A company in England or Espain?

I would have thought most semi decent garages or amin dealers could do it.

You can of course purchase the stickers (P&O ferries have them in the ships) that go on the headlights to block out the dazzel.


----------



## gus-lopez (Jan 4, 2010)

You shouldn't have any problem in the UK. The problem with UK cars abroad is that their headlights, when dipped ,drop down & to the left causing dazzle to oncoming vehicles when abroad. Spanish headlights when dipped drop straight down & not to the right. Therefore there is no light straying in to the opposite lane.
This is why out in the campo here you see so many driving with fog-lights on. So they can see the edge of the road !


----------



## neilmac (Sep 10, 2008)

depacio said:


> is there a company that will change my headlights on my spanish car to uk headlights so I can use my car in the uk.
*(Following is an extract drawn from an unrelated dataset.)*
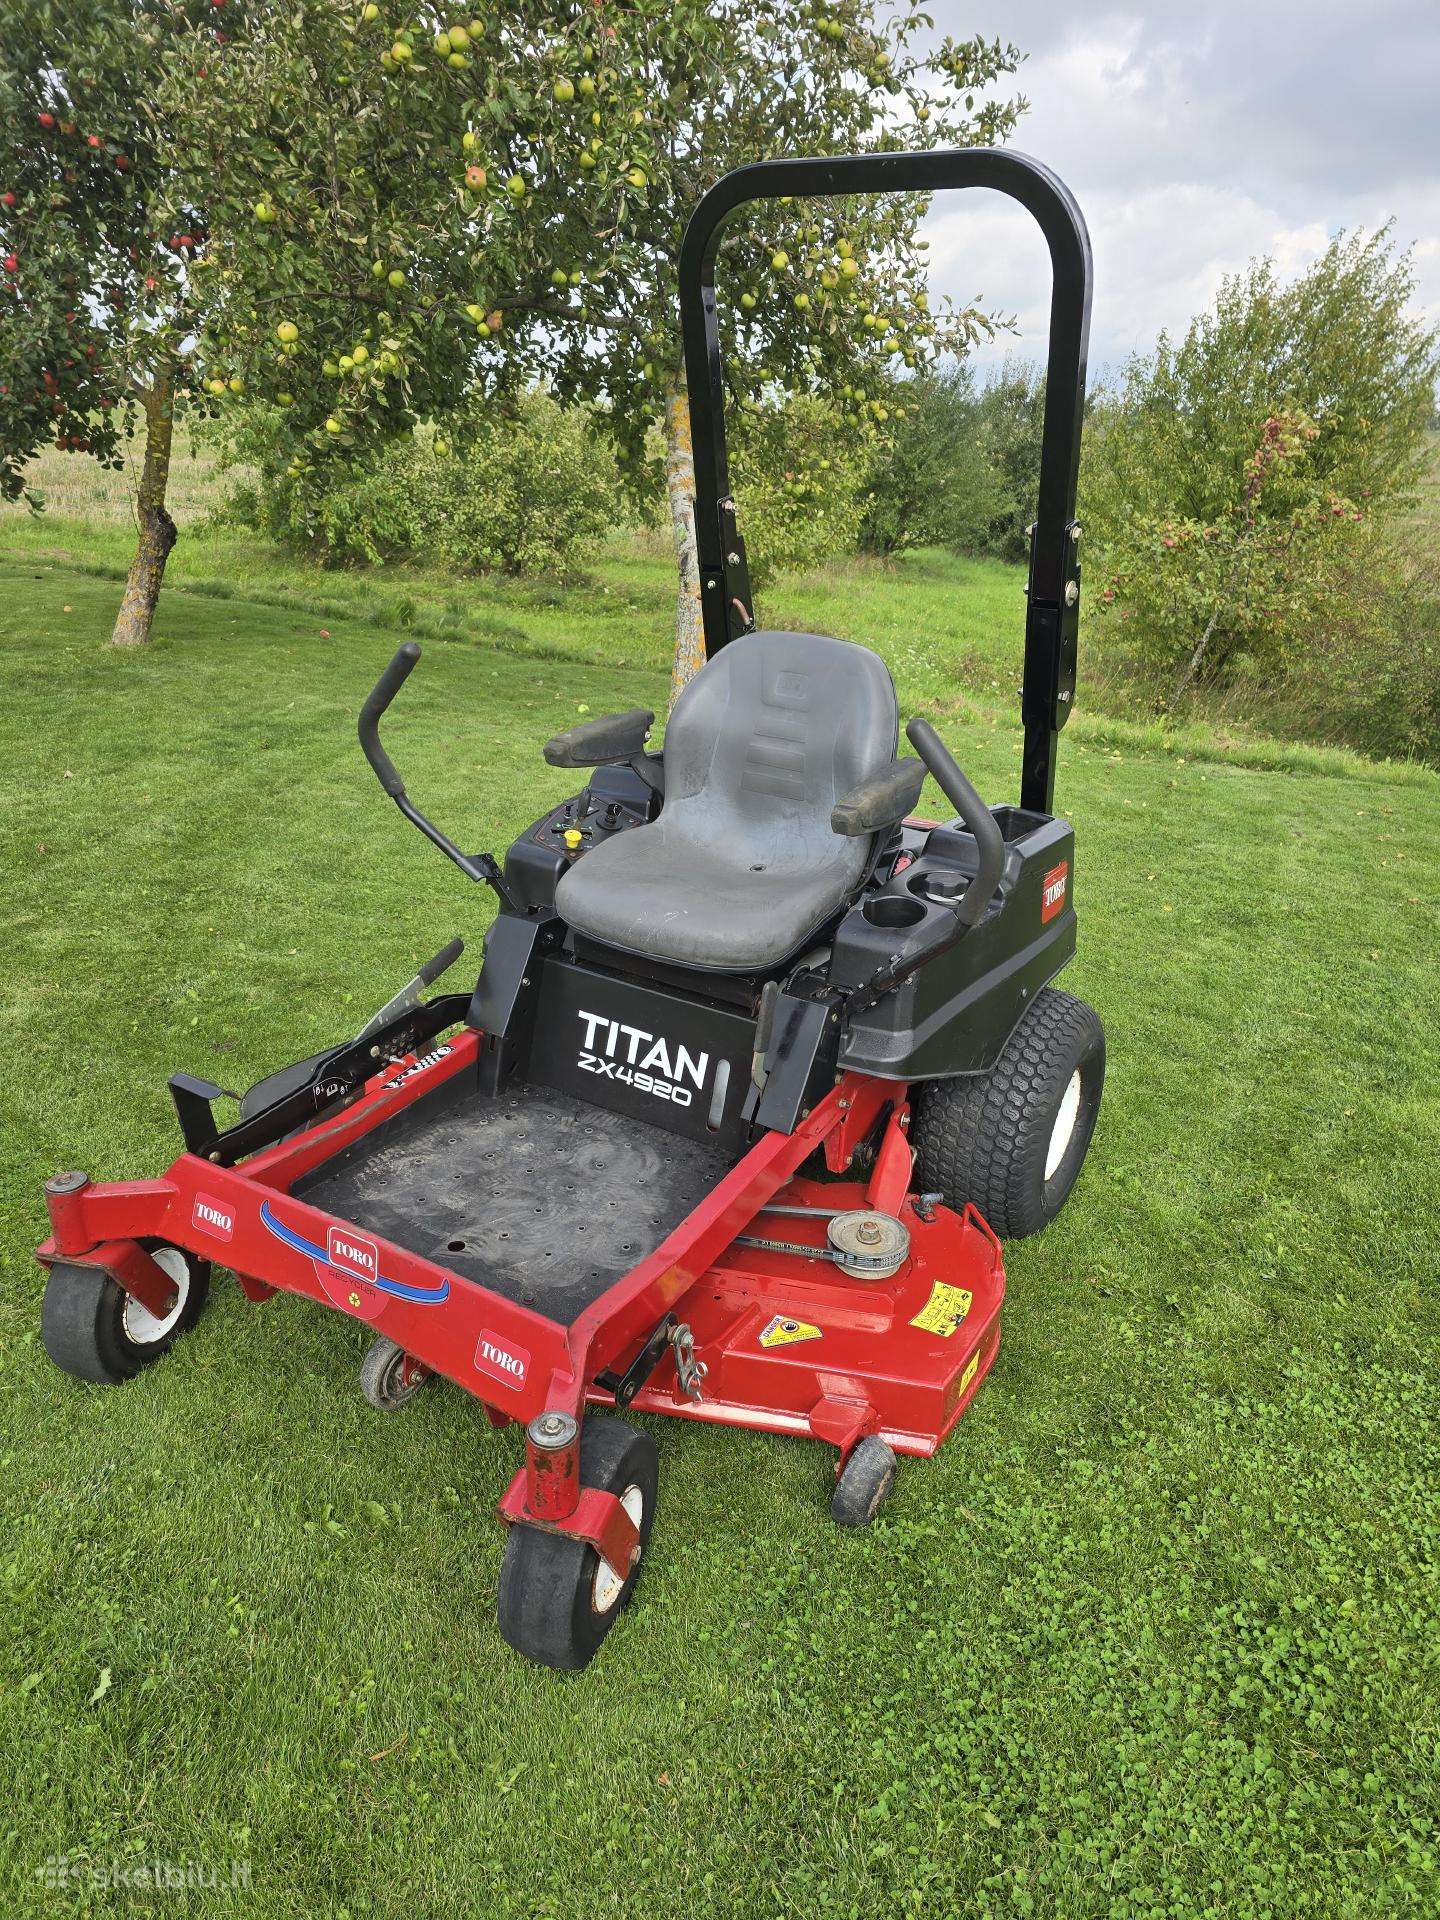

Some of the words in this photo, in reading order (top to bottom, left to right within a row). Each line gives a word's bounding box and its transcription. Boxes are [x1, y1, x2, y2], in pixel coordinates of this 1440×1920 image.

As Gus says no prob with the lights BUT if you are UK resident and the car is Spanish reg'd it will be illegal to drive in the UK - please check out on DVLA website but this was definitely our understanding.


----------



## depacio (Jun 17, 2009)

Apologies for misleading you but I want to exchange spanish headlights to uk before I leave Spain


----------



## gus-lopez (Jan 4, 2010)

It'll be cheaper to buy them in the UK unless you stumble across someone selling the exact make & model you require here.


----------



## Guest (Jan 5, 2012)

*Headlights*

I drive a Spanish car and we have no problem with our headlights whilst driving in the UK. British cars driving in the rest of Europe have their lights set differently. You should be okay. If you want to change them in the UK, you may need to visit a main dealer to provide that service for you.


----------



## Seb* (Mar 22, 2009)

Tejeda said:


> If you want to change them in the UK, you may need to visit a main dealer to provide that service for you.


Any garage can do it for you. It's not a big deal. They just source a pair of headlights (scrap yard, 2nd hand dealer or brand new) and install them. So easily doable in the UK. Will be a bigger deal in Spain, cause sourcing UK parts will be a bigger hassle.


----------